Immagine tratta dal film ALBANIA BLUES

Immagine tratta dal film ALBANIA BLUES

Immagine tratta dal film ALBANIA BLUES
 

Albània e non Albanìa blues (riferimento alla pronuncia degli albanesi nella nostra lingua) è il terzo film di Nico Cirasola, (uscito nel marzo 2001 sugli schermi) attore e regista pugliese indipendente e quindi poco noto ai grossi circuiti.
Il problema dello sbarco albanese sulle coste pugliesi è stato già trattato dal regista nella sua seconda realizzazione filmica "Da do da" apparentemente gioco di parole, ma in realtà "Da qui lì" tradotto dal dialetto pugliese. La vena di Cirasola non è drammatica o patetista, il suo intento è quello di trattare un argomento, fare un film denuncia servendosi di un'arma tagliente: la satira.

Tra satira, ironia e un pizzico di sognante follia si snoda la vicenda di Fefé uno stravagante antennista che gira a bordo di un'auto d'epoca per dare la potenza della comunicazione a chi vive in campagna.
Sicuramente allegorica la professione di Fefè: l'essere antennista fa di lui un nesso fondamentale per la comunicazione, attraverso la sua opera si apre una finestra sul mondo ed è proprio dal mondo che l'uomo è attirato. Logorroico, accompagnato da un assistente silenzioso e apparentemente assonnato, Fefè conosce prevalentemente donne straniere in Puglia per lavoro ed è stridente il contrasto tra l'accento esotico e una locazione tanto nota (a chi è pugliese perlomeno).
I colori la fanno da padrone nel film, perché Puglia è anche colore: ecco, le camicie di Fefè, gli abiti delle donne, il bianco delle abitazioni, il verde e l'azzurro, il sole abbacinante. Sogno e realtà, tra atmosfere che anticipano e ricordano molta cinematografia di Kusturica e fanno spesso ricorso ad allegoria e simbolo, come ad esempio nel caso delle scarpe bicolore molto anni Cinquanta viste ai piedi di chi gli ha tolto la compagna.

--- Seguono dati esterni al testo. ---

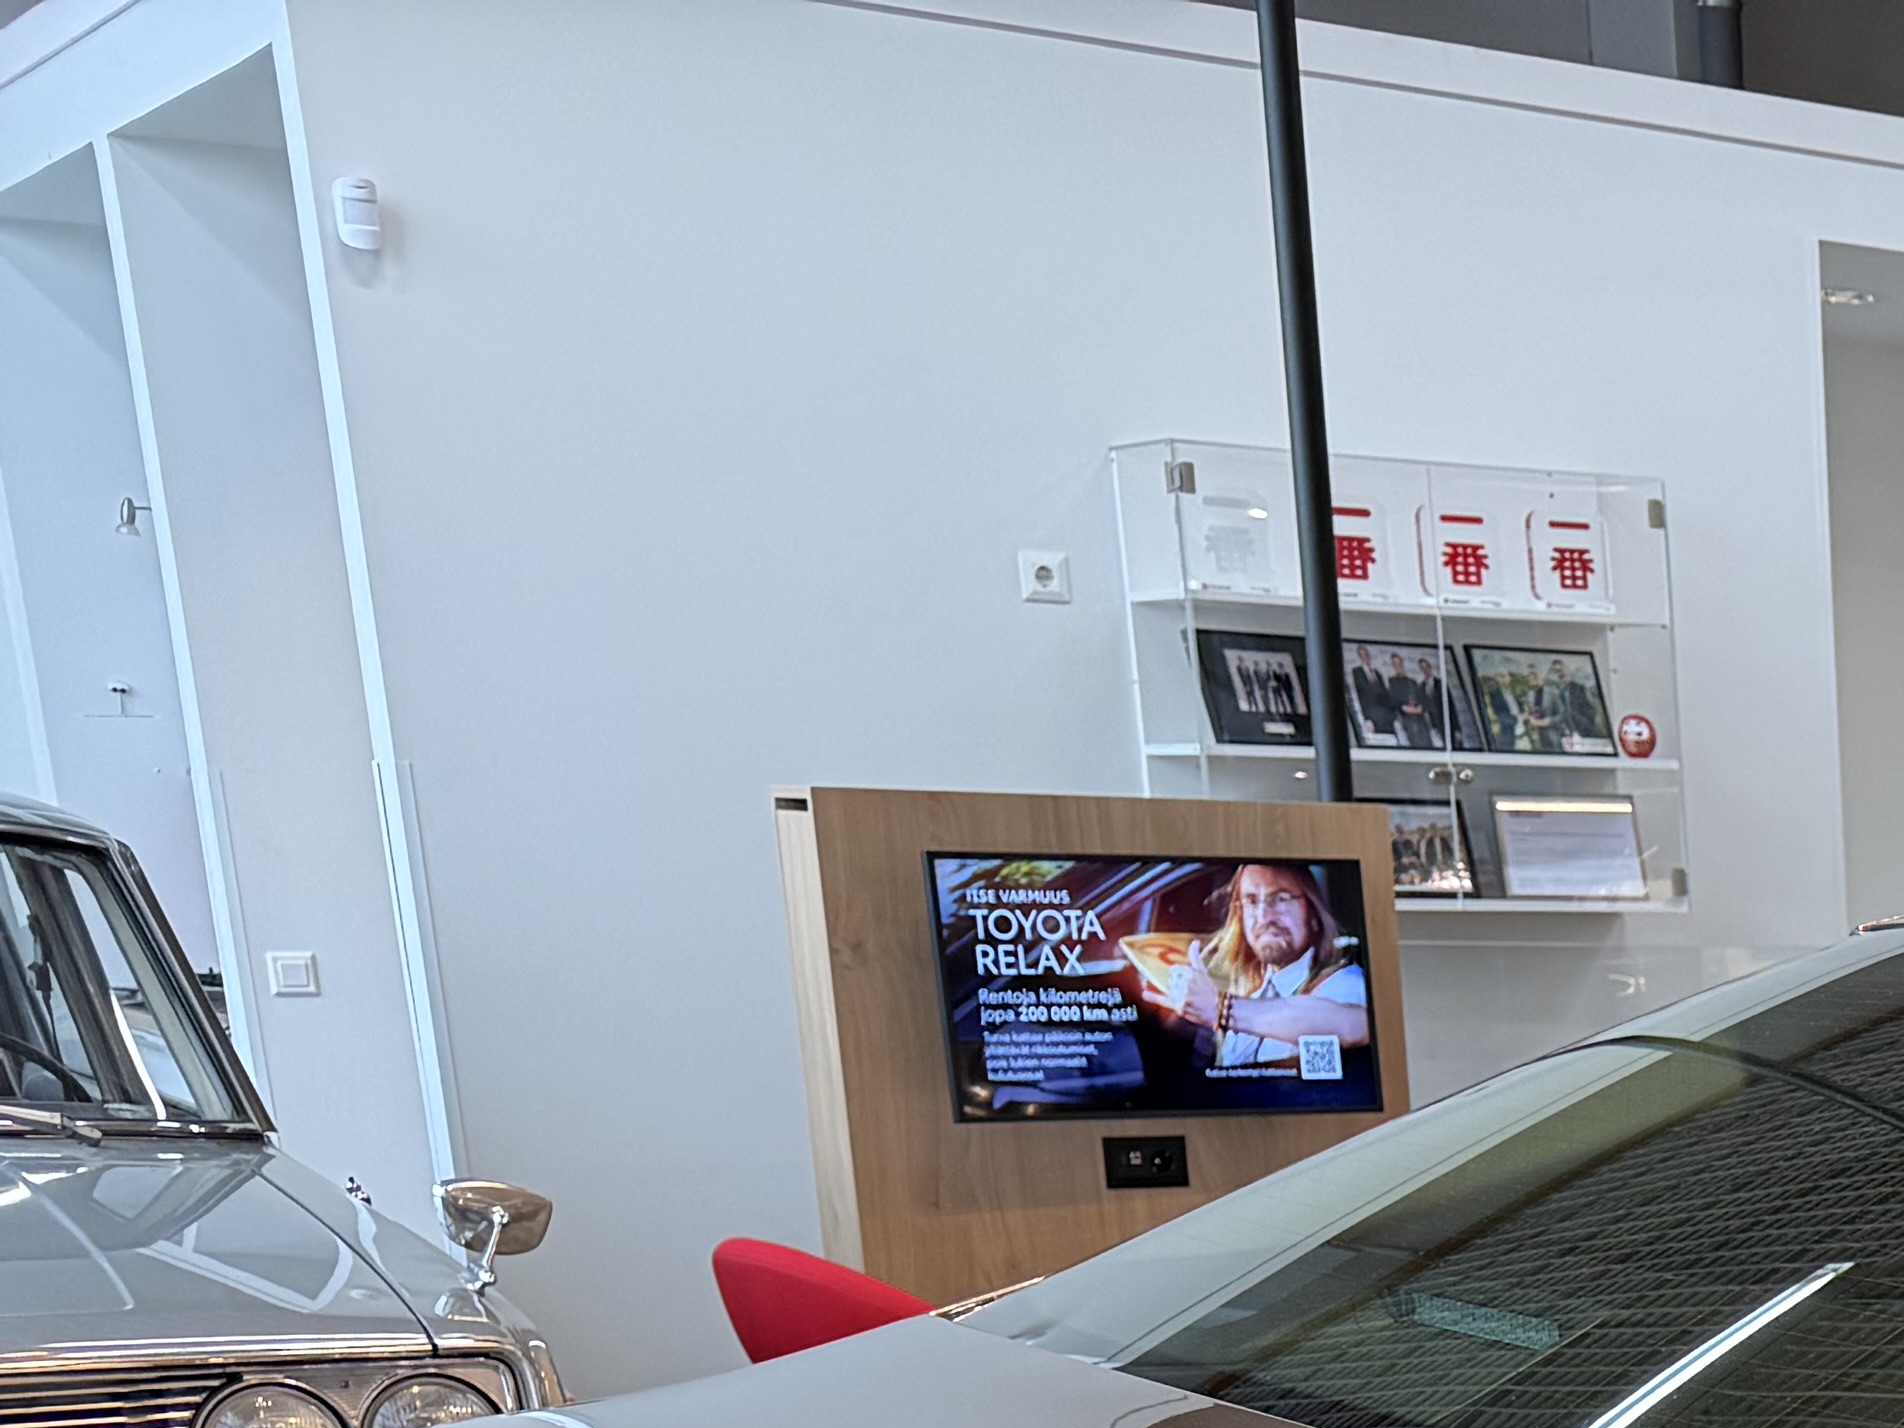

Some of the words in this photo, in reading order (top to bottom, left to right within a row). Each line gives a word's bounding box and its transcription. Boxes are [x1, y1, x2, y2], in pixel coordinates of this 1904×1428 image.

[1439, 514, 1489, 586] 一番
[1548, 520, 1595, 590] 一番
[999, 889, 1070, 905] VARMUUS
[968, 908, 1106, 940] TOYOTA
[975, 943, 1084, 976] RELAX
[978, 987, 1037, 1006] Rentoja
[1039, 987, 1122, 1007] kilometrejä
[980, 1006, 1015, 1026] jopa
[1019, 1006, 1048, 1022] 200
[1050, 1006, 1080, 1022] 000
[1082, 1005, 1109, 1021] km
[1110, 1005, 1139, 1022] asti

Fefè, l'uomo che porta in casa la televisione, viene scambiato, da un gruppo di albanesi che si installano in casa sua, per uno che può portare al successo. La vicenda si perde un po' per strada, smarrita tra donne che usano sapientemente le loro arti femminee e uomini a metà tra la voglia di fare spettacolo (con l'immancabile sosia di Celentano) e la malìa della corruzione, tra una radio che parla di una guerra balcanica tanto lontana quanto vicina, dove tutto fa spettacolo, persino l'eroe di guerra e in cui una improbabile emittente locale che chiede, alla maniera della Carrà della sua striscia quotidiana di cinque lustri fa, non il numero dei fagioli ma quello dei poveri disperati a bordo della nave giunta nel porto di Bari dall'Albania.
Di certo il film di Cirasola non è una pellicola tradizionale con una storia dalla trama scorrevole e comprensibile dall'inizio alla fine. Fefè e i suoi compagni di viaggio sono da vedere con altri occhi, come allegoria, potente arma del regista per denunciare una situazione che non gli sta bene.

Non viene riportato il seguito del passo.